--- Entries provided Enclosed Below ---
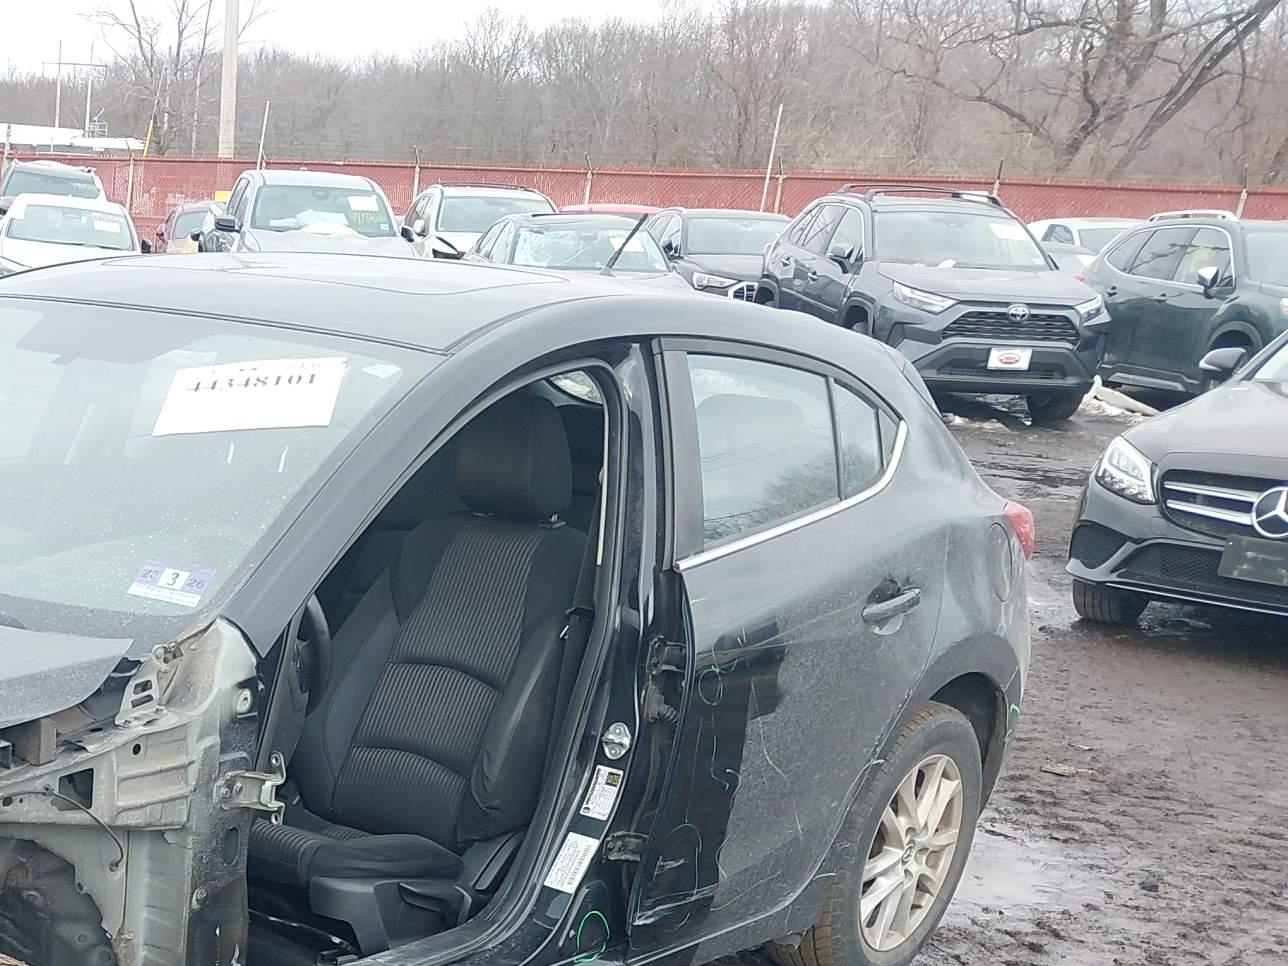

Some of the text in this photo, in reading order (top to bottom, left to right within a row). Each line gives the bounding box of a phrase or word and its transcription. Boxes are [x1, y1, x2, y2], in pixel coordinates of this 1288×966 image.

[142, 568, 206, 590] 20 3 26
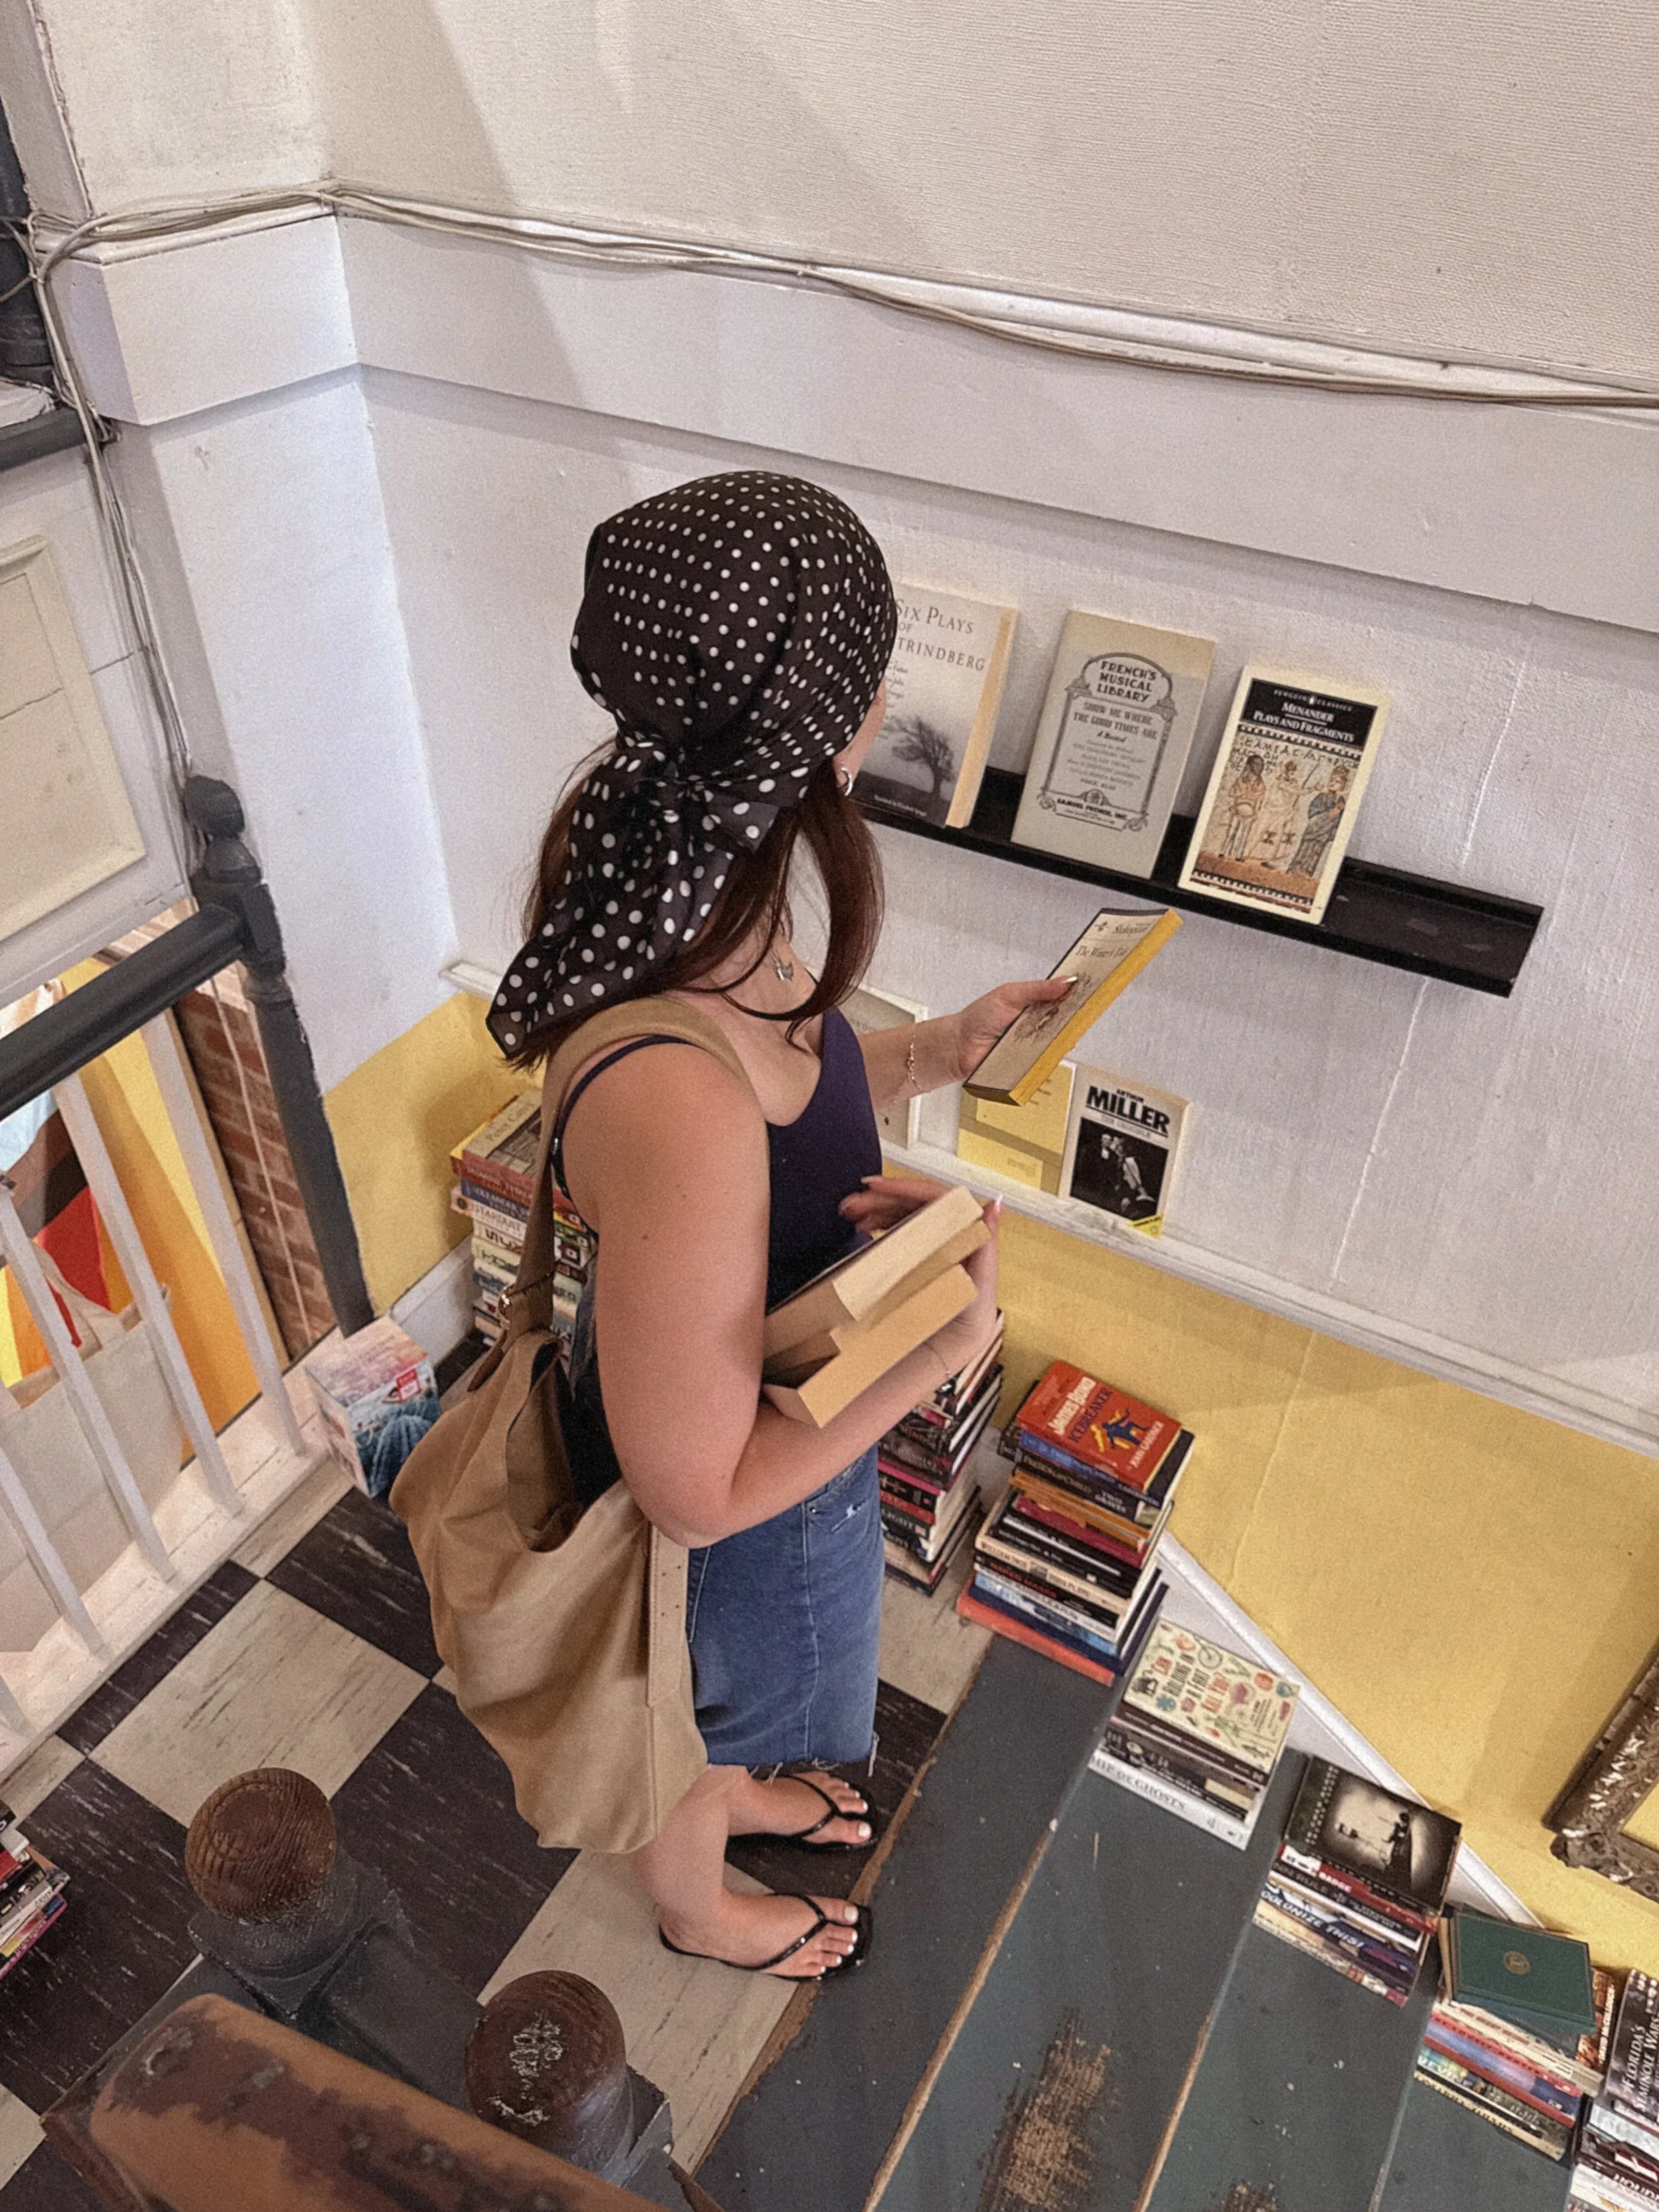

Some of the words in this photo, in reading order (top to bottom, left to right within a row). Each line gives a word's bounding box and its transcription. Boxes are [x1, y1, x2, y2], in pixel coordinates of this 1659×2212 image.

[899, 622, 914, 632] OF
[927, 606, 974, 634] PLAYS
[898, 637, 985, 671] TRINDBERG
[1099, 672, 1153, 692] MUSICAL
[1101, 661, 1157, 681] FRENCH'S
[1097, 684, 1149, 703] LIBRARY
[1273, 690, 1307, 702] PENGUIN
[1317, 698, 1352, 712] CLASSICS
[1073, 711, 1089, 723] THE
[1253, 710, 1280, 727] PLAYS
[1278, 717, 1301, 730] AND
[1300, 721, 1354, 743] FRAGMENTS
[1281, 702, 1334, 723] MENANDER
[1086, 1085, 1171, 1134] MILLER
[1047, 1398, 1081, 1436] JAMES
[1068, 1388, 1114, 1443] ICEBREAKER
[1133, 1780, 1186, 1811] GHOSTS
[1261, 1889, 1325, 1929] COLONIZE
[1325, 1925, 1366, 1948] THIS!
[1598, 2035, 1608, 2063] DAVID
[1622, 2025, 1646, 2091] FLORIDA'S
[1632, 2050, 1656, 2112] SEMINOLE
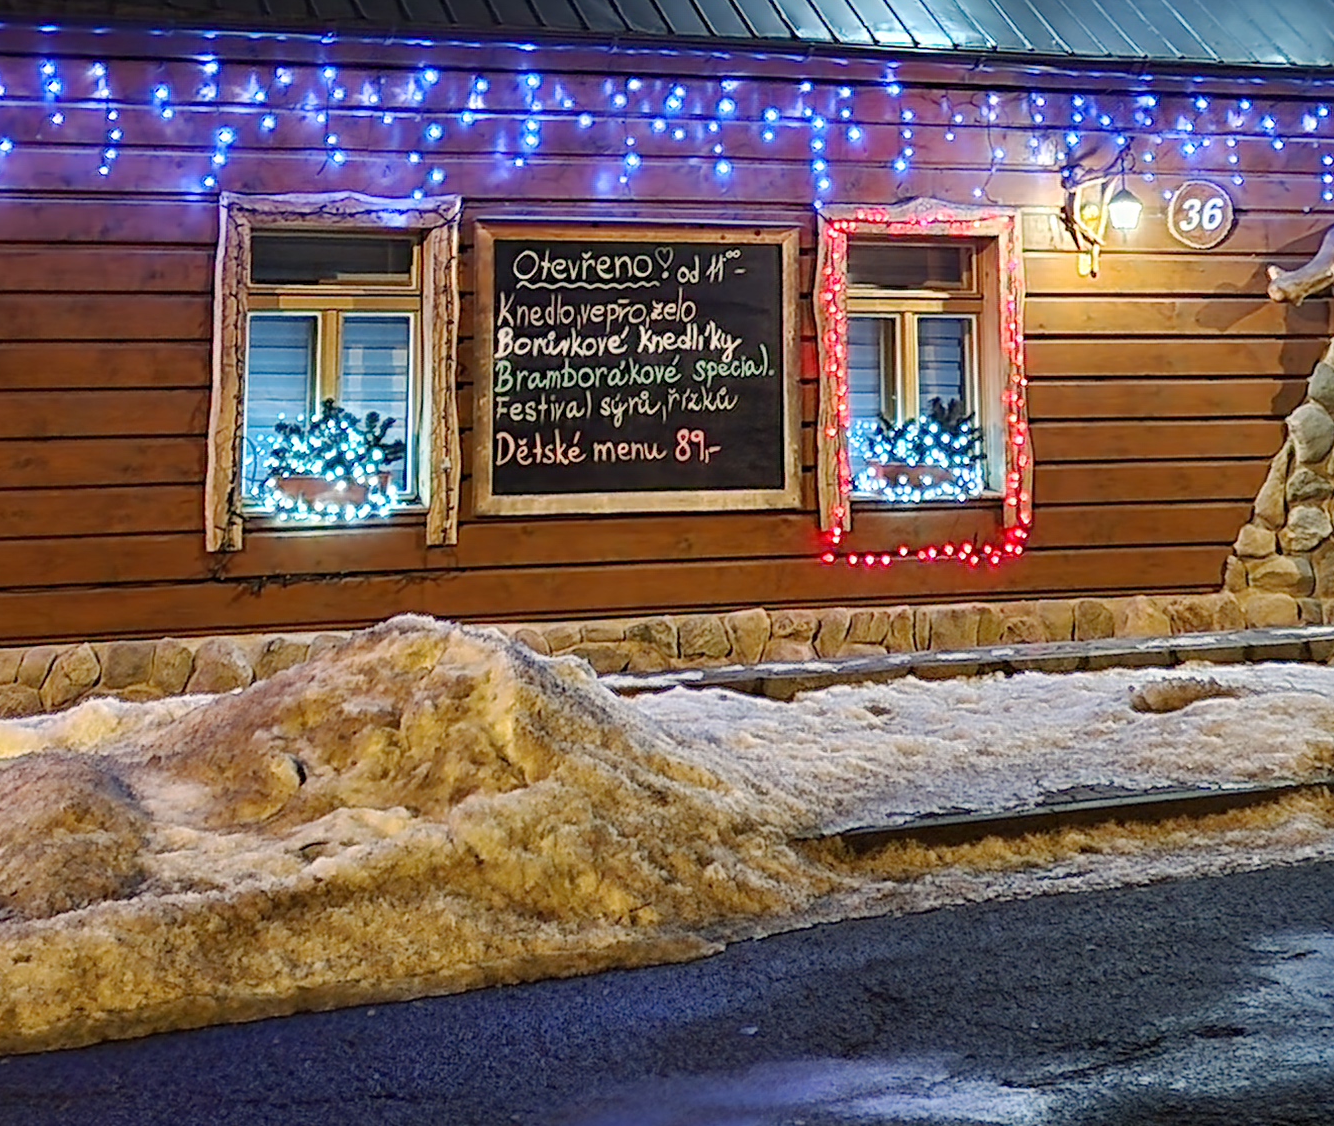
--- End of Enclosed Entries provided ---
◆ What is required ◆
Word for word, give the entries above again, with no images included.

◆ Task answer ◆
Some of the text in this photo, in reading order (top to bottom, left to right within a row). Each line gives the bounding box of a phrase or word and its transcription. Boxes are [x1, y1, x2, y2], in pixel coordinates of this 1288×966 image.

[142, 568, 206, 590] 20 3 26

Some of the words in this photo, in reading order (top to bottom, left to right within a row). Each line gives a word's bounding box and its transcription. Boxes are [x1, y1, x2, y2], in pixel coordinates of this 1659×2212 image.

[899, 622, 914, 632] OF
[927, 606, 974, 634] PLAYS
[898, 637, 985, 671] TRINDBERG
[1099, 672, 1153, 692] MUSICAL
[1101, 661, 1157, 681] FRENCH'S
[1097, 684, 1149, 703] LIBRARY
[1273, 690, 1307, 702] PENGUIN
[1317, 698, 1352, 712] CLASSICS
[1073, 711, 1089, 723] THE
[1253, 710, 1280, 727] PLAYS
[1278, 717, 1301, 730] AND
[1300, 721, 1354, 743] FRAGMENTS
[1281, 702, 1334, 723] MENANDER
[1086, 1085, 1171, 1134] MILLER
[1047, 1398, 1081, 1436] JAMES
[1068, 1388, 1114, 1443] ICEBREAKER
[1133, 1780, 1186, 1811] GHOSTS
[1261, 1889, 1325, 1929] COLONIZE
[1325, 1925, 1366, 1948] THIS!
[1598, 2035, 1608, 2063] DAVID
[1622, 2025, 1646, 2091] FLORIDA'S
[1632, 2050, 1656, 2112] SEMINOLE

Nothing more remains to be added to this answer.